Sergio Bello is an “eco-illuminator” who does not illuminate a spiritual text or a learned treaty but a few pages of the Book of nature, in the ‘Amazonia’ section. The recurring composition, a rectangle containing a circle, hints to the Brazilian flag, Bello’s country of origin. But it also evokes an optical device, as if, in the middle of the page, we were under a gaze; whoever has stayed for some time in a forest knows this strange impression to be observed by an invisible being…
But the vegetal element, which had a minor, sometimes decorative role in historical illumination, becomes the main subject here, and occupies all the space swarming with foliage, barbs, veins… Sometimes a genuine tree leaf is there like a discrete relic: the marginal has become central. Bello performs an inversion: nature is too often discredited, viewed as a food bank to be robbed; the term “forestry exploitation” feels like plundering. The predatory sights must give way to focus and contemplation.
Thus an eco- illumination places us in an astounding low angle of view, while on the right an oil well is ablaze: the central jellyfish, is seen from underneath, while fish are cruising on the surface.
For some ancient Greeks, the jellyfish is a metaphor of lotus with a fatal glance. It is time to change our way of looking at our environment.

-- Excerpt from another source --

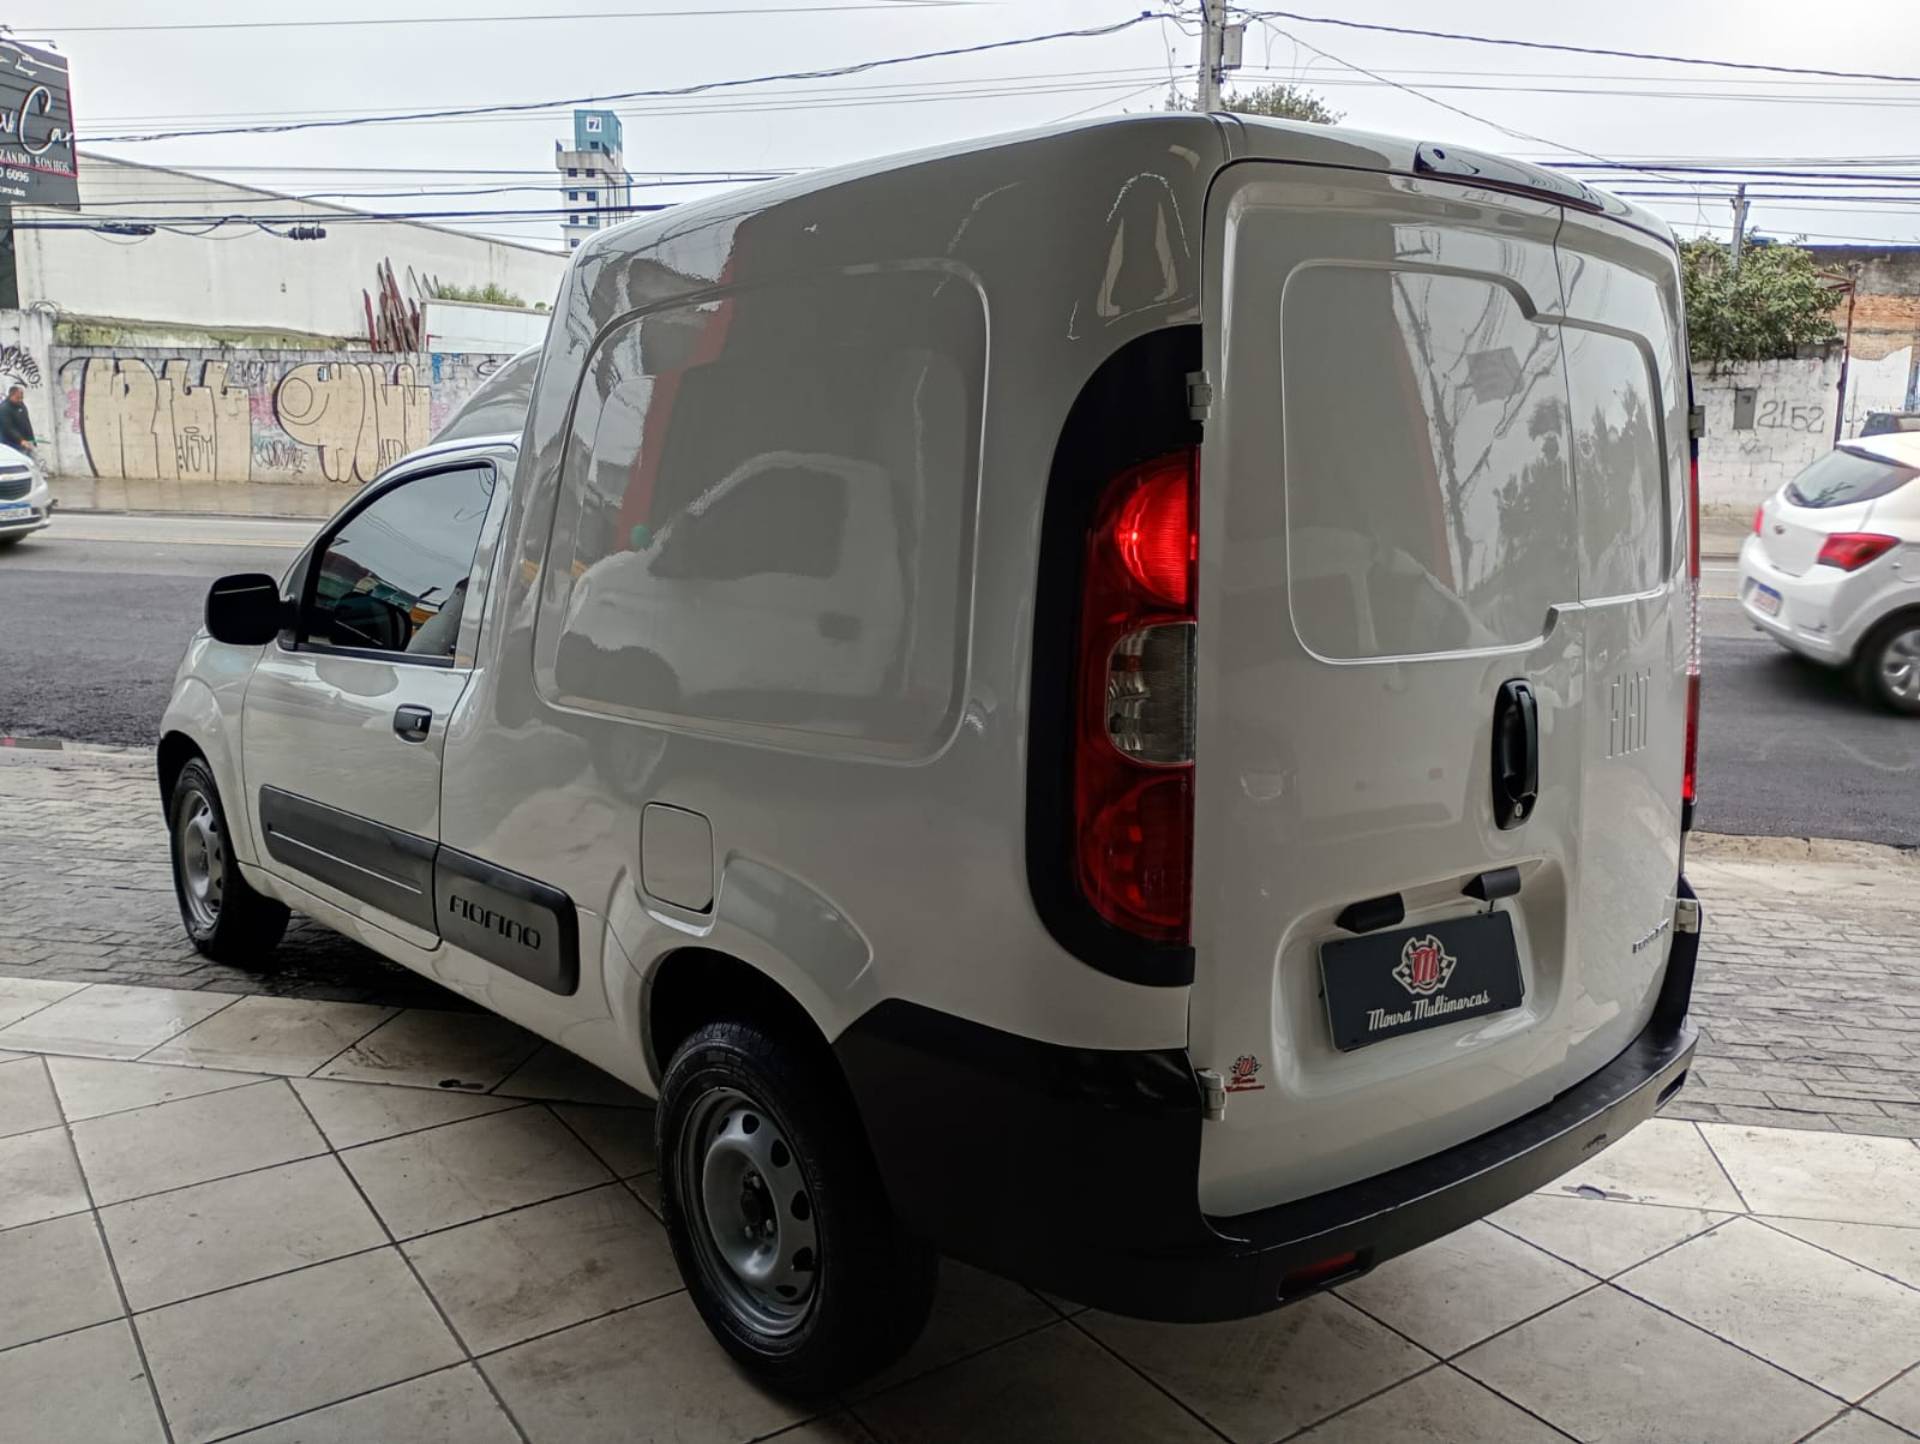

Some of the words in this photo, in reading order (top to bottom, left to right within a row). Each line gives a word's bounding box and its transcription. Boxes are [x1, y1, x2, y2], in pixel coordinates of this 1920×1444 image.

[1757, 400, 1825, 433] 2152
[1366, 1008, 1413, 1031] Moura
[1411, 989, 1491, 1020] Multimarcas
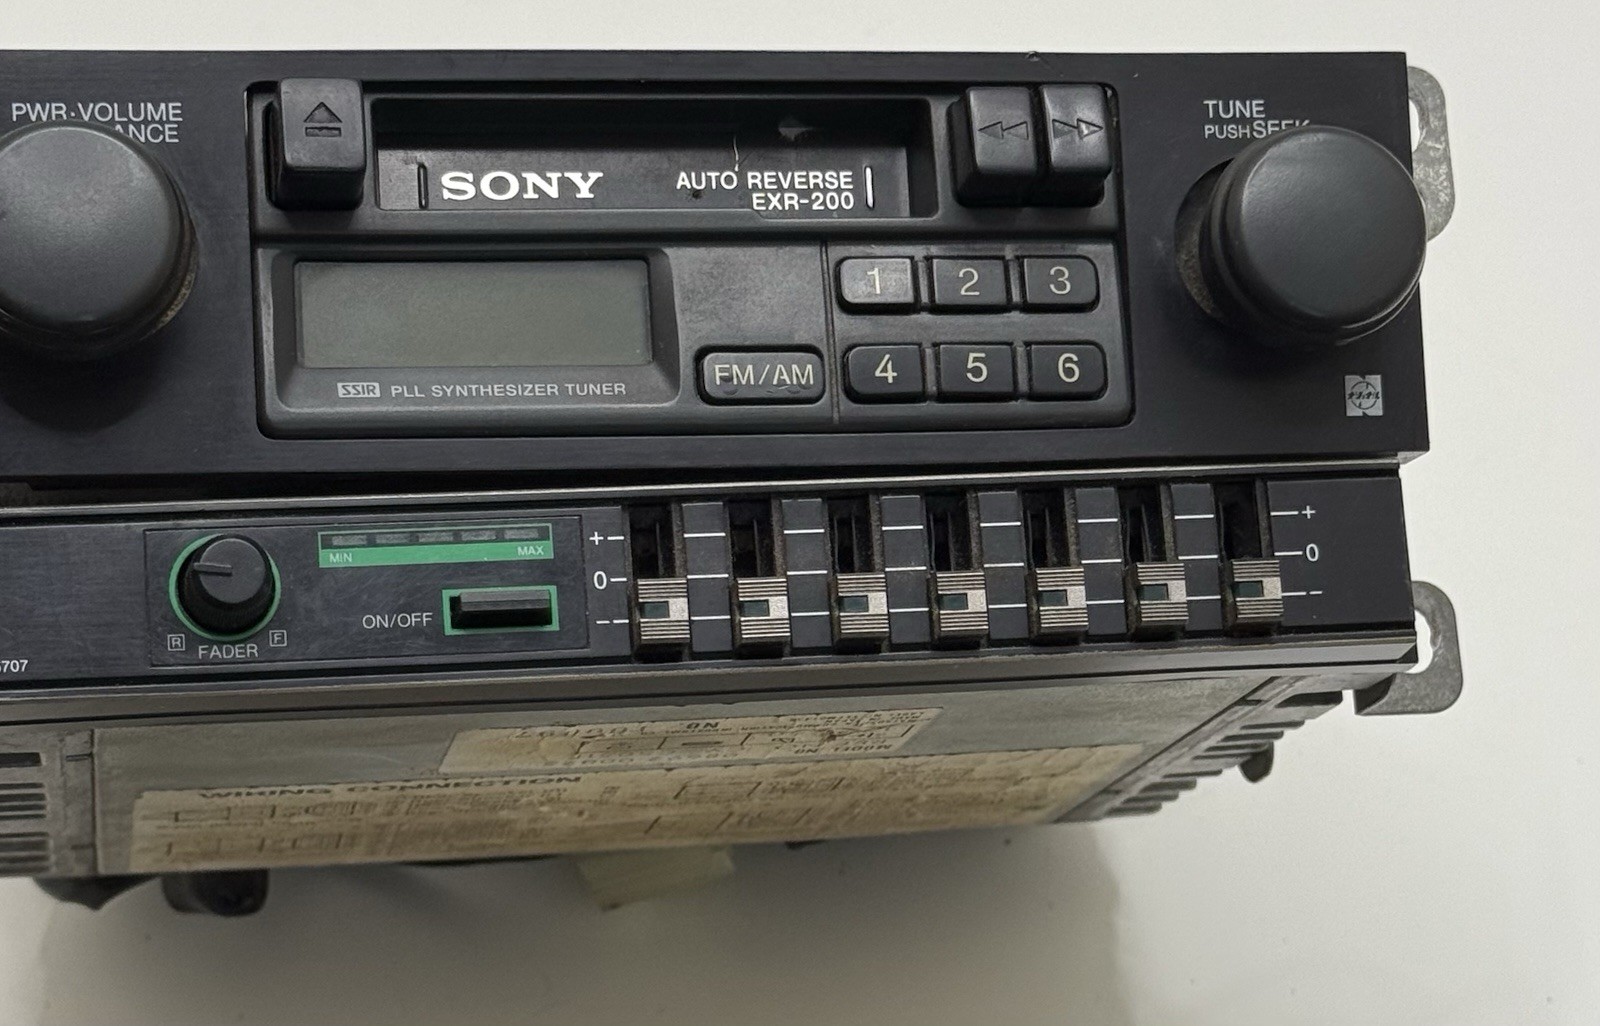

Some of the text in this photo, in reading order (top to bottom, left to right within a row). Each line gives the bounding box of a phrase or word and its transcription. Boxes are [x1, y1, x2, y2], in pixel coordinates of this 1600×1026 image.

A tragedy is taking place in the pine groves, mangroves, bamboos bushes, sea strands – everywhere fire is shouldering, and bursts like an grenade of ember; sparks punctuate the pages as did, formerly, the minium of illuminators.
Here and there, burned wood, saw teeth, erasures on nature. The forest stands up and shakes, bushy and disheveled, protests with all its plants, darts its spikes and spines; it is constantly outgrowing the frame chosen by the artist: its vitality is wounded but enduring.
Animals participate in this threatened nature. Their bodies follow its curvy lines as the macaw which flies away between sea and sky. Even the snake leaves a few feathers (of course, as in the Amerindian myth, it has feathers).
In the middle of the general clamor, howling lips deliver at the same time the cry of the victim, the Indian, and the cry of the artist.
Meticulous like his predecessors, Sergio Bello does not use parchment but a paper album, opting for acrylic resin for its solidity and the vigor of tones. A “handmade” production by this Indian of the city, who lives on the Parisian heights, perched in a forest of books and house plants.
Printing and engraving have displaced illumination; already the infernal mechanism has been triggered whereby an invention could succeed only by eradicating the previous one, who become an object of contempt – as if inventing the train would decree it was useless to walk. Because Marcel Duchamp invented the objet trouvé, the new prescription was that painting is worthless and meaningless. In that outlook, true Culture (as Grace) does not remove Nature but perfects it Conceptual art is exalted, to the point that, any other approach should be despised. The painters would belong definitively to the past, considered incompetents to deal with “the problems of our time”, they would have nothing more to say: ecology, oikos + logia, this science of the habitat, would then be totally disregarded. Because there exists a “Financial art”, any non-speculative artist would be eradicated. This state of mind has been drying out hearts, tetanizing brains, paralyzed hands, and exhausted the planet. More than ever, the defense of natural and the defense of cultural diversity go hand in hand.